A quote from that article you linked us to:

"You see, men don’t plan on turning unpredictable. It happens when they look in the mirror or in the eyes of their grandchildren and see themselves as old men. They have, up to this point, believed they were 25-year-old boys. One mid-50′s midlife graduate says it made him a better person. *He remains with his original wife *and their relationship has been redefined to better meet his needs. He has his space and a home in the country that allows him to “entertain” when he feels the need and she has her space and their home in the city that allows her a place to pound on the walls and scream when she feels the urge. Another mid-50′s graduate traded the pressures of family, home and business to drive a camper cross country supporting himself by doing odd jobs. *The wife of a mid-60′s executive still waits for a long term affair with his much younger mistress to end but with each passing year she cares less and her community involvement grows*."

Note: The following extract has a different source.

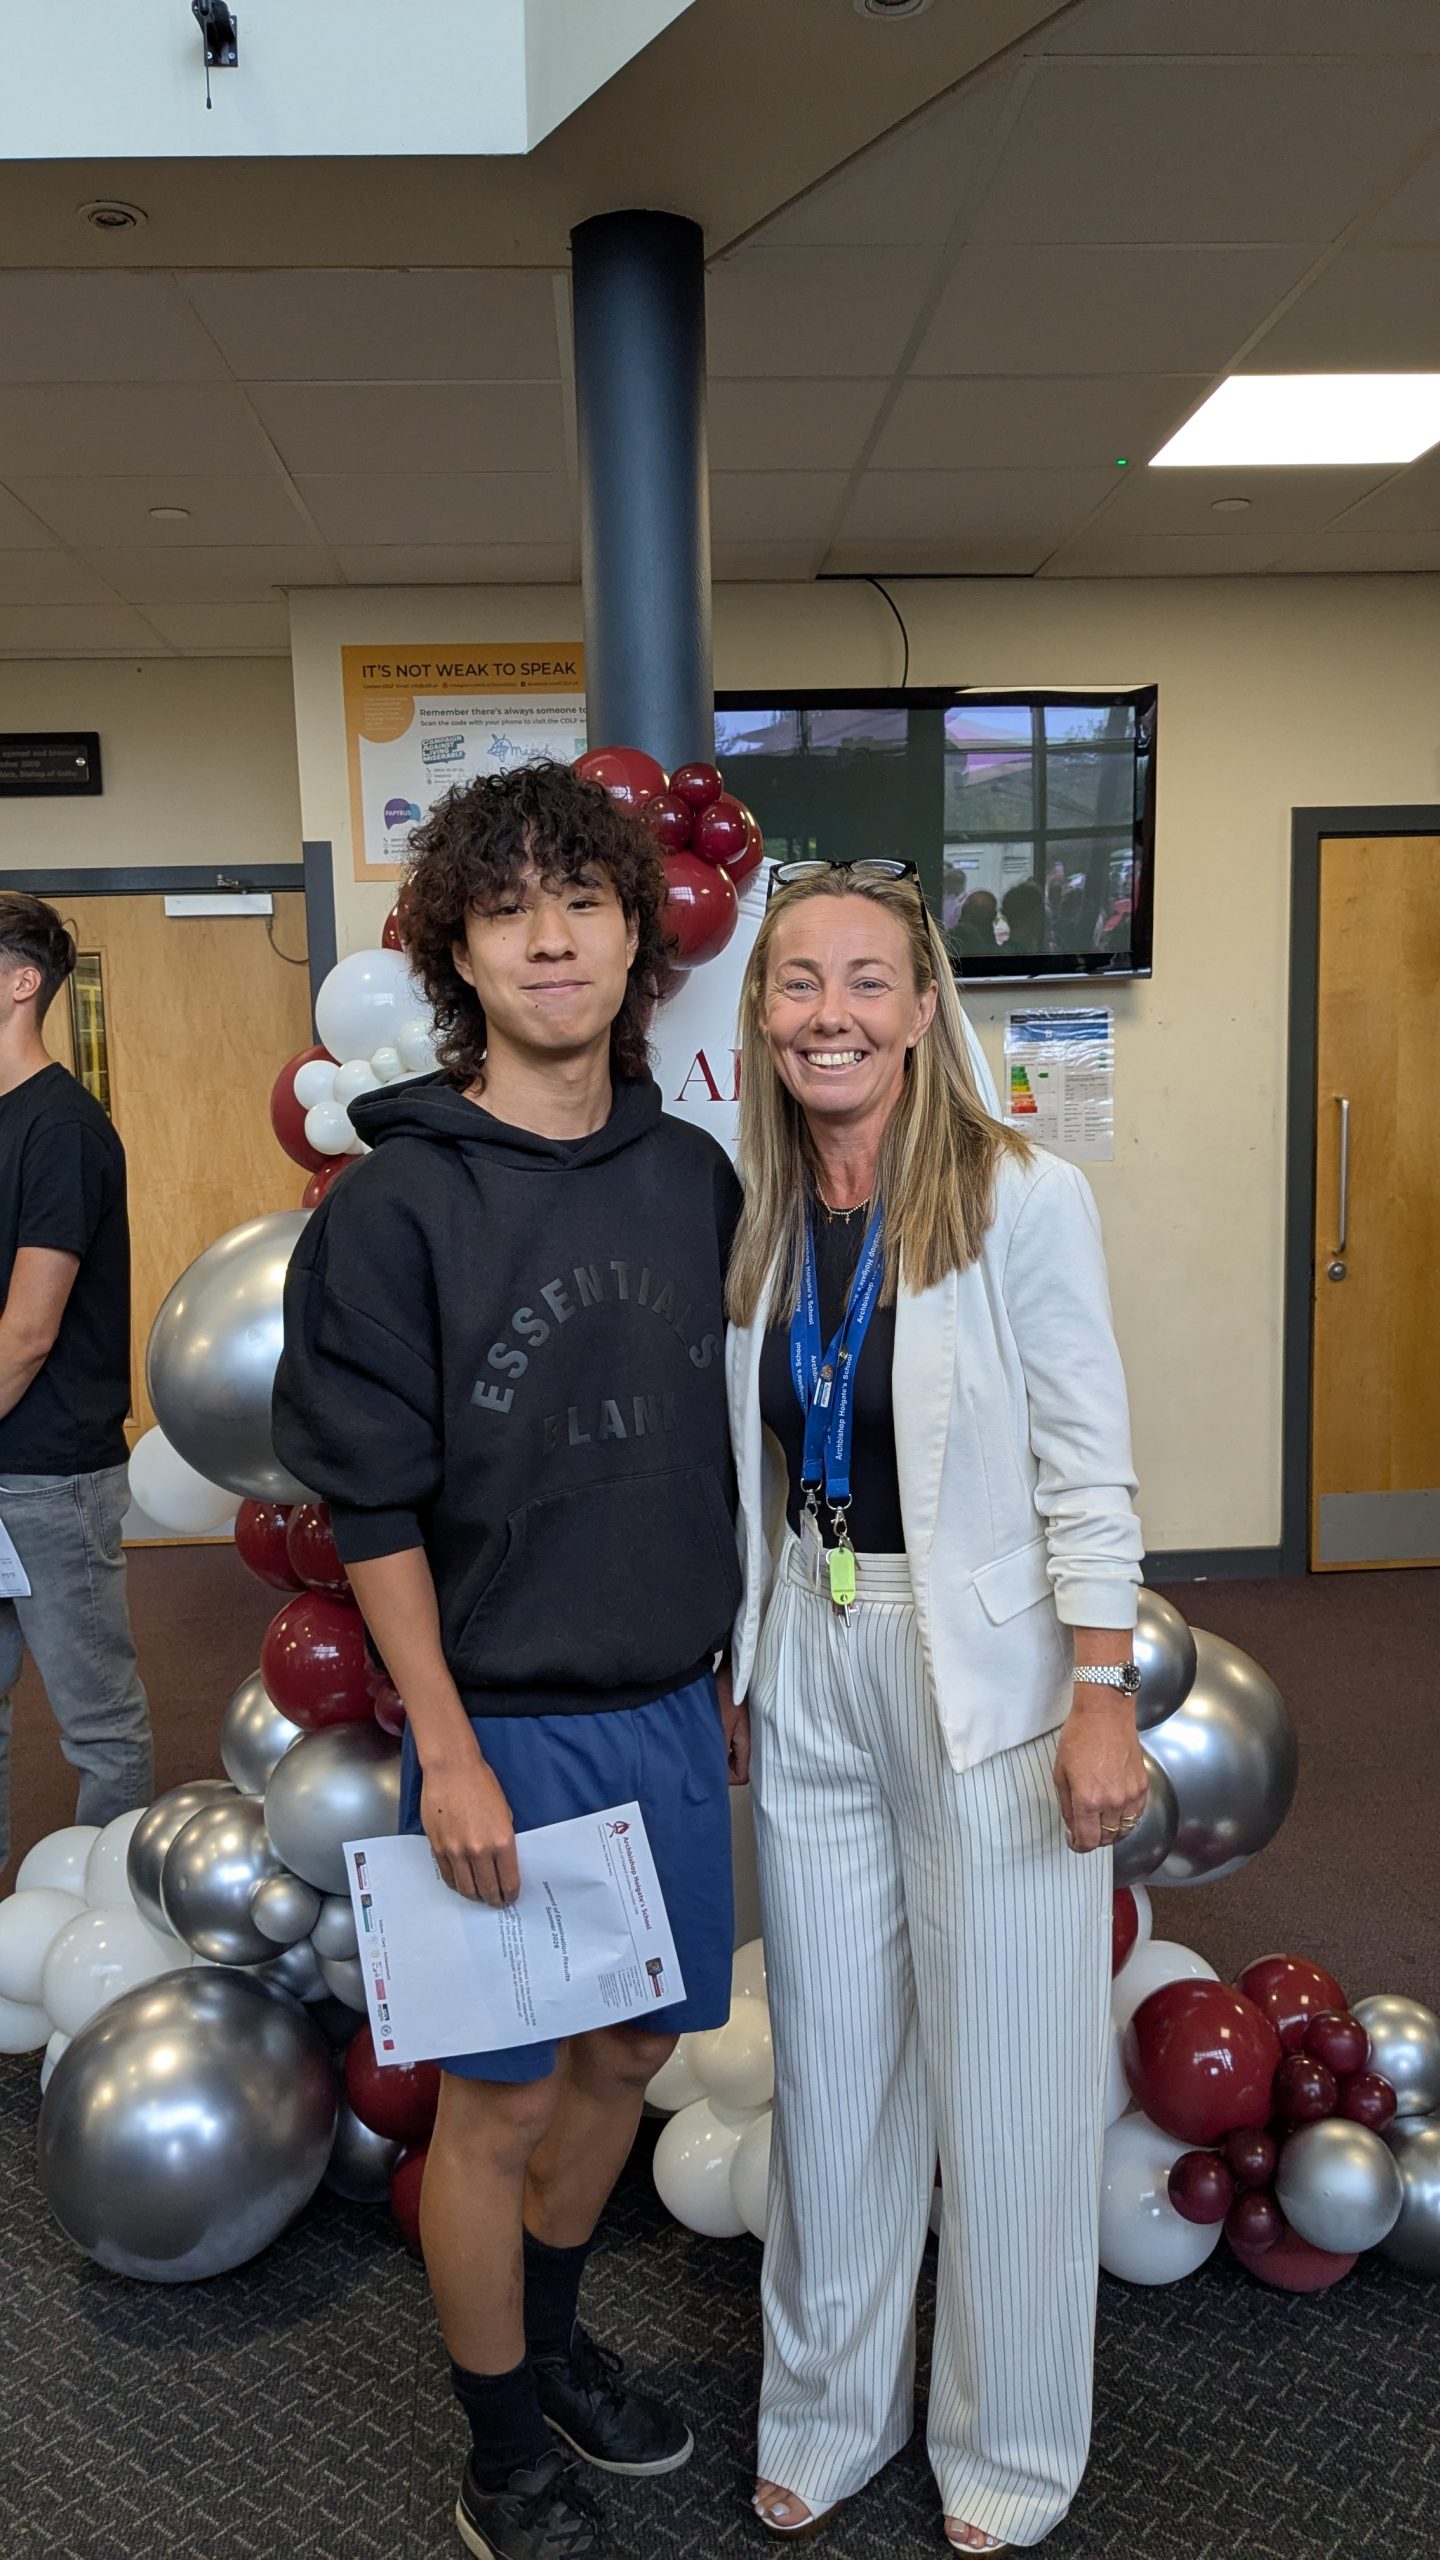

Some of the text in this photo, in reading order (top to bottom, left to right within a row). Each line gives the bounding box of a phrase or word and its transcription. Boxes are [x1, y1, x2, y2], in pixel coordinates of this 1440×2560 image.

The whole article basically tells women that they have no choice and should just weather through a MLC...What a load of crap. There's no way in hell I'd ever put up with this bullsh!t, and you shouldn't either. This goes against what we here on TAM have been striving for in our relationships. To gain the strength and courage NOT to put up with affairs, whether it's through reconciling, or divorcing...

"He remains with his original wife"...what a saint! Is this what we women have to look forward to after a 30+ year marriage? Some old bozo to come out of it and choose US after all? I think not...!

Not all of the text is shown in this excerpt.